----- PROVIDED DATA
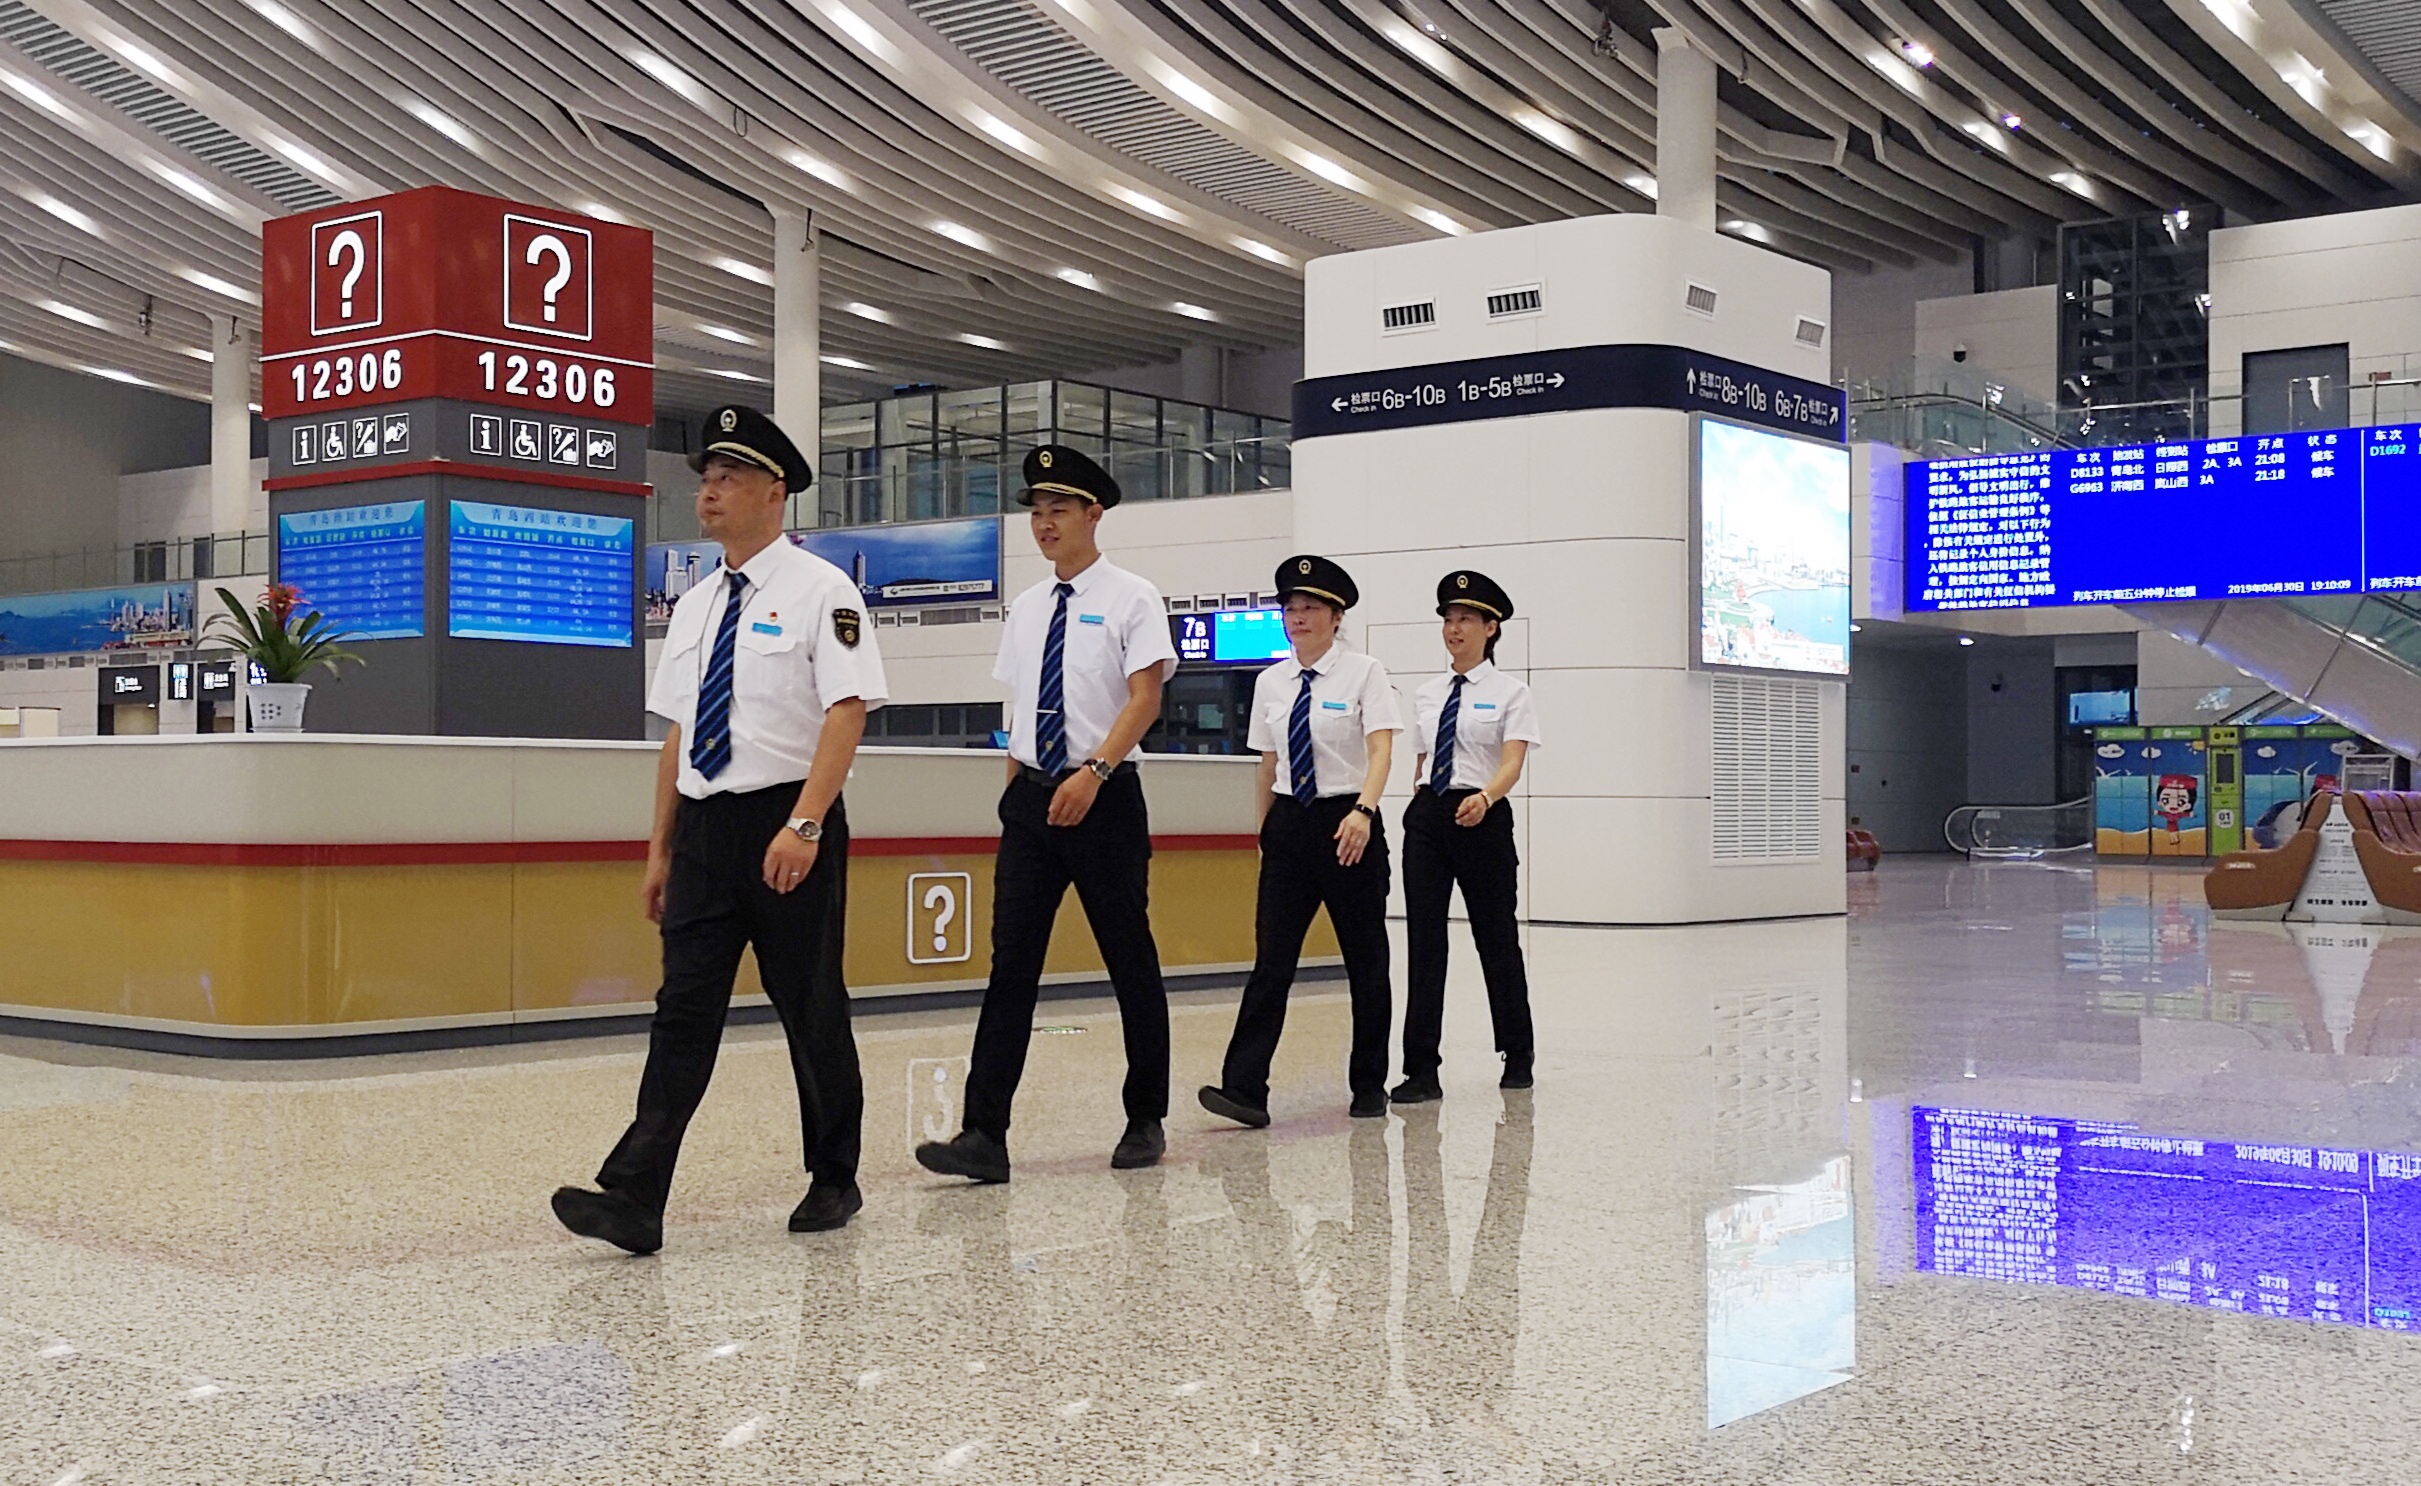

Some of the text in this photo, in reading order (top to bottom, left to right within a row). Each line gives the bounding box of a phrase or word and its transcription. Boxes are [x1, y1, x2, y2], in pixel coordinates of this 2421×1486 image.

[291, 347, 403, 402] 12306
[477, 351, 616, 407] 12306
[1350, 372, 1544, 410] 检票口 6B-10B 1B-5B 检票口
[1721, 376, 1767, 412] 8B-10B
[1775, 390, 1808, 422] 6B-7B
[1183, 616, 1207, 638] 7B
----------
→ **WORK ITEM**
Each entry above is to be duplicated exactly, and its pictures omitted.

→ **TASK RESULT**
Some of the text in this photo, in reading order (top to bottom, left to right within a row). Each line gives the bounding box of a phrase or word and its transcription. Boxes are [x1, y1, x2, y2], in pixel coordinates of this 2421×1486 image.

[291, 347, 403, 402] 12306
[477, 351, 616, 407] 12306
[1350, 372, 1544, 410] 检票口 6B-10B 1B-5B 检票口
[1721, 376, 1767, 412] 8B-10B
[1775, 390, 1808, 422] 6B-7B
[1183, 616, 1207, 638] 7B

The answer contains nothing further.